> About this exercise
Drop every picture, then transcribe the remaining data exactly.
****************************************
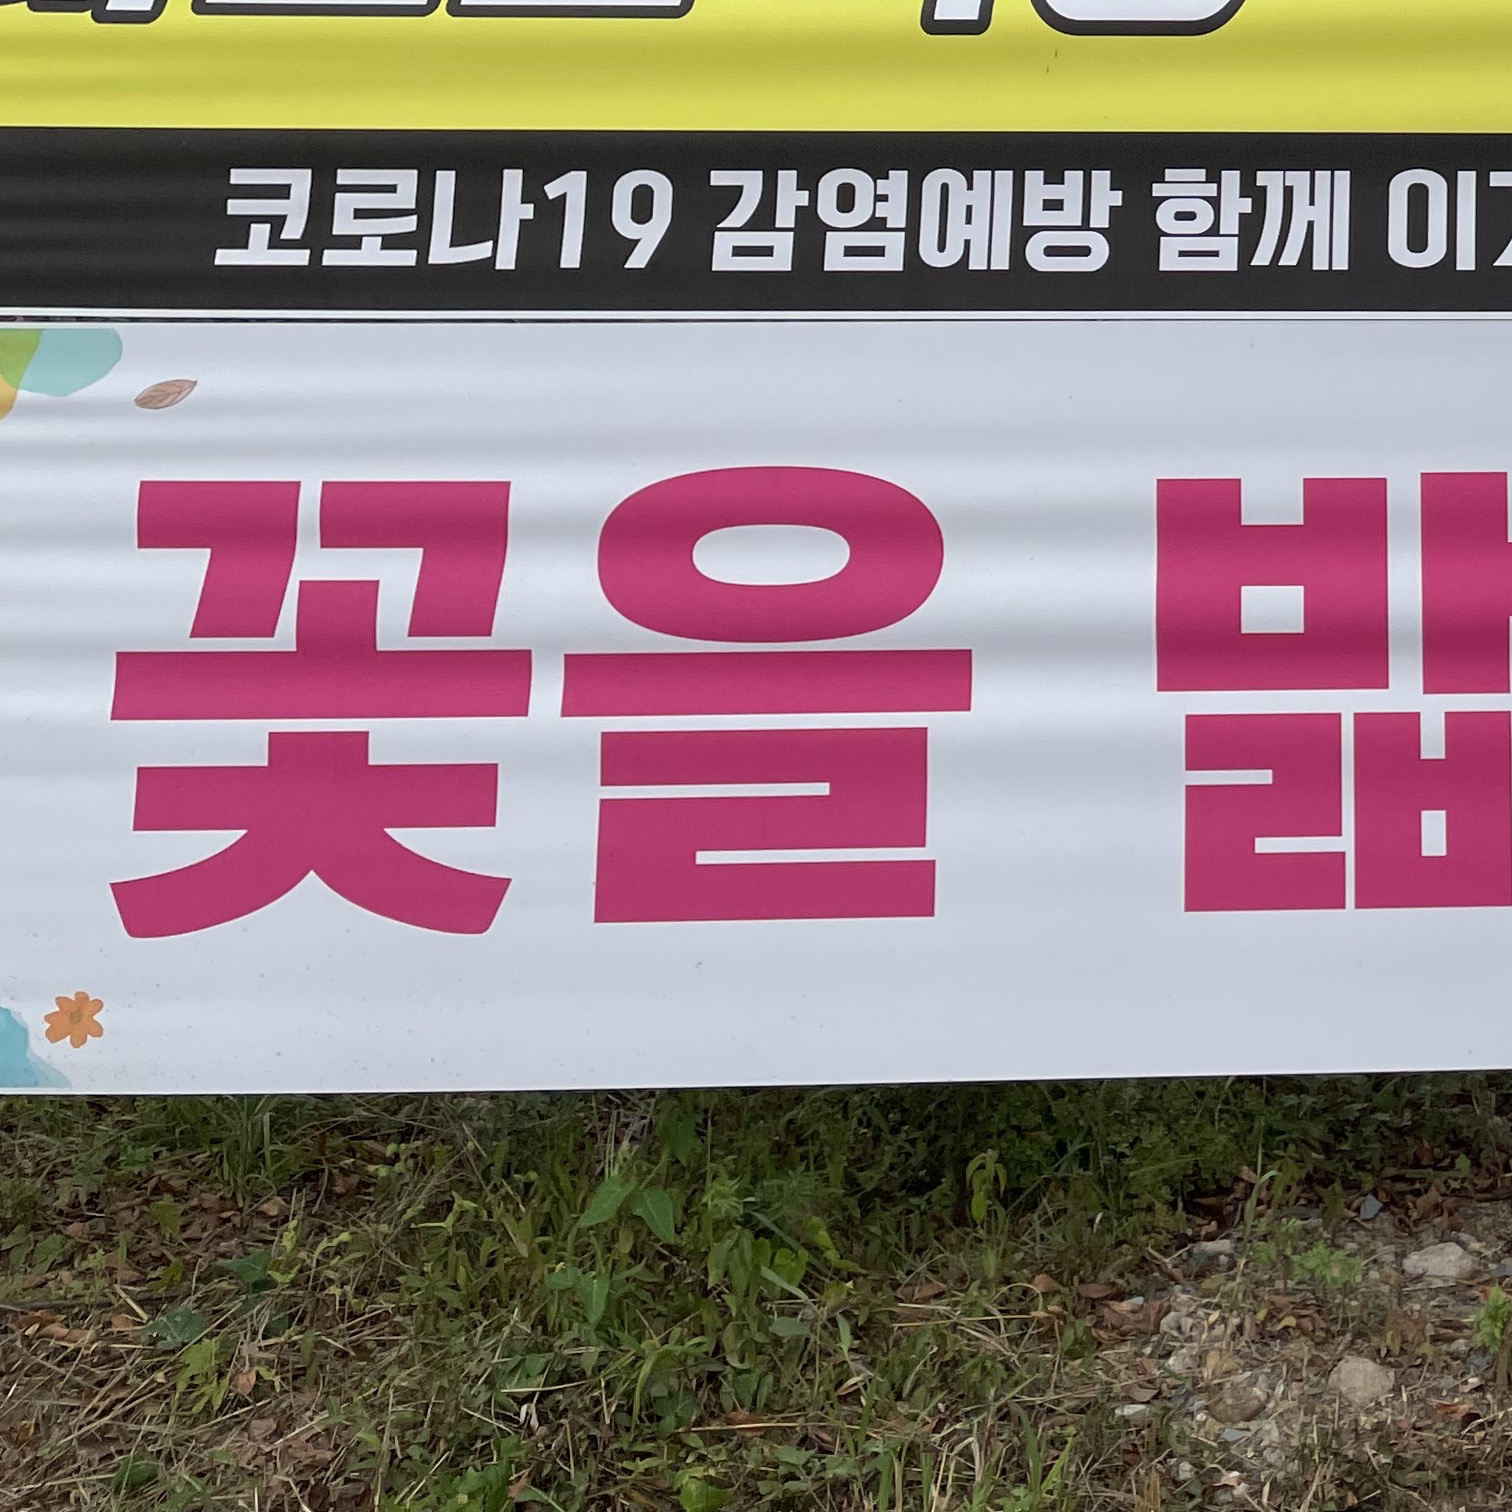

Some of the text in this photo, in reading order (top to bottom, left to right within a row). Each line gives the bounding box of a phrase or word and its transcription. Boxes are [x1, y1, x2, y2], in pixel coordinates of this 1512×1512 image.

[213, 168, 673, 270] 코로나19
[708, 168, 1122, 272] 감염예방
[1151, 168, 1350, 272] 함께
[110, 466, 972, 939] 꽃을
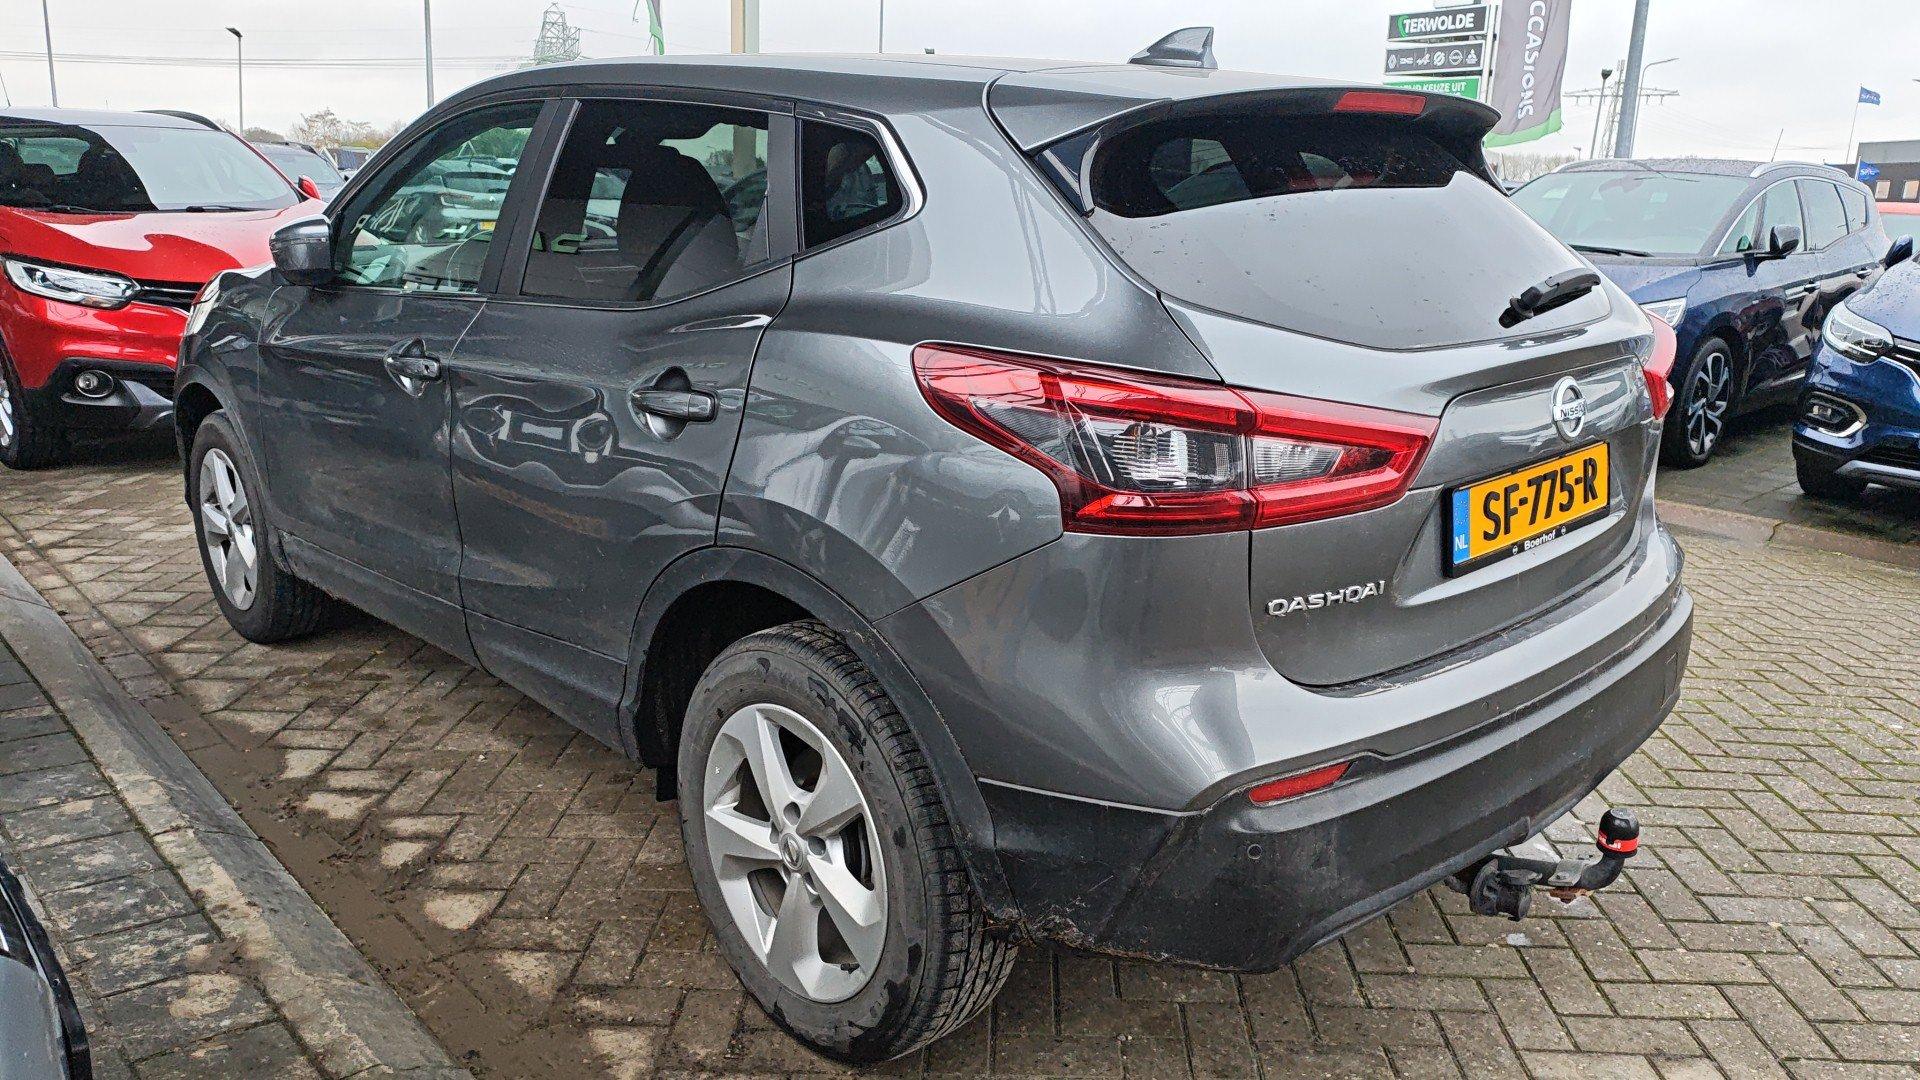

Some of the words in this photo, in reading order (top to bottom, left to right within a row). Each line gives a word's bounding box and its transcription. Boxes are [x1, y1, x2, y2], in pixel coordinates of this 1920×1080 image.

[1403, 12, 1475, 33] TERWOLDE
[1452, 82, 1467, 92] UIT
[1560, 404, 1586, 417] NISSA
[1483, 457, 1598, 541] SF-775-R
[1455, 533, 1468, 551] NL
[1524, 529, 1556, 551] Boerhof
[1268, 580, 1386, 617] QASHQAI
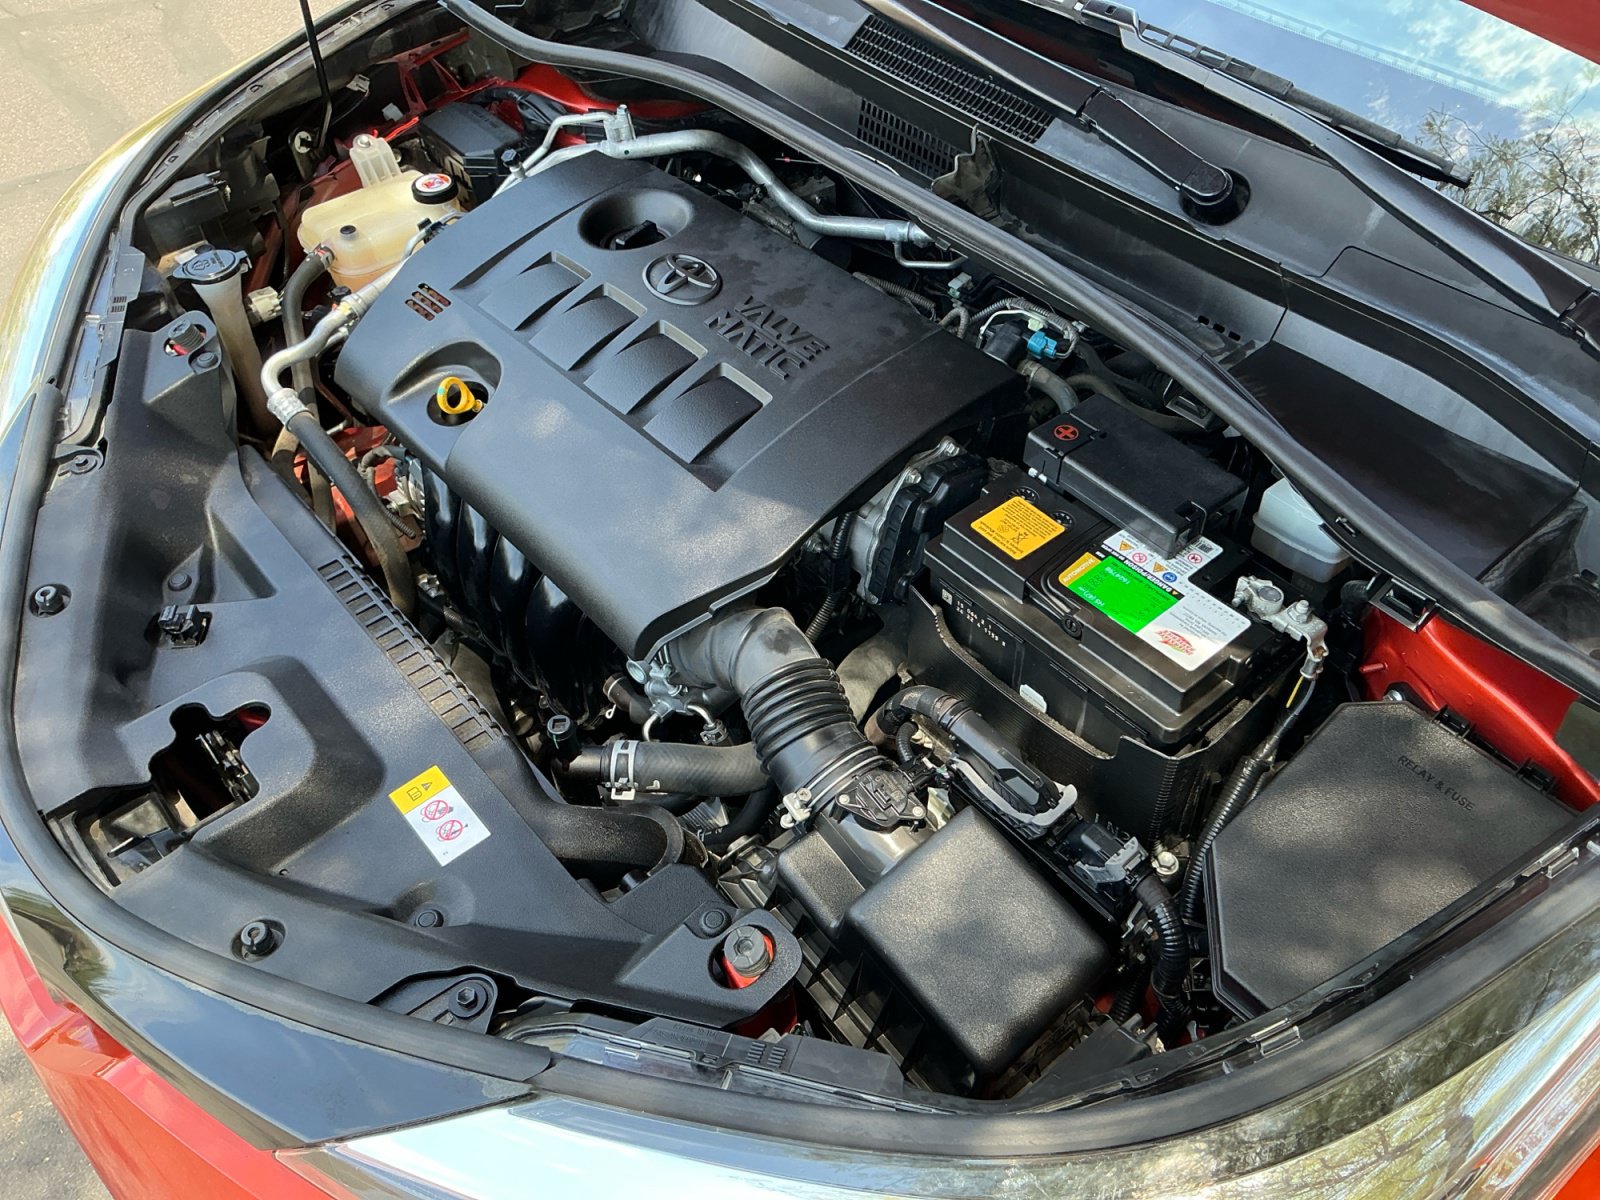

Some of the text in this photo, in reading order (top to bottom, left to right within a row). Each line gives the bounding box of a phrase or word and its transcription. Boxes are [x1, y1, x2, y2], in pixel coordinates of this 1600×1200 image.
****************************************
> Your response
Some of the text in this photo, in reading order (top to bottom, left to right within a row). Each line gives the bounding box of a phrase or word and its transcription. Boxes are [x1, y1, x2, y2], in pixel coordinates of this 1512×1512 image.

[213, 168, 673, 270] 코로나19
[708, 168, 1122, 272] 감염예방
[1151, 168, 1350, 272] 함께
[110, 466, 972, 939] 꽃을

Some of the words in this photo, in reading order (top to bottom, left to right within a row). Each line gives a word's bounding box and its transcription. Boxes are [x1, y1, x2, y2], in pixel coordinates of this 1920×1080 image.

[1403, 12, 1475, 33] TERWOLDE
[1452, 82, 1467, 92] UIT
[1560, 404, 1586, 417] NISSA
[1483, 457, 1598, 541] SF-775-R
[1455, 533, 1468, 551] NL
[1524, 529, 1556, 551] Boerhof
[1268, 580, 1386, 617] QASHQAI

Some of the text in this photo, in reading order (top to bottom, left to right within a row). Each line gives the bounding box of a phrase or word and its transcription. Boxes are [x1, y1, x2, y2], in pixel coordinates of this 1600×1200 image.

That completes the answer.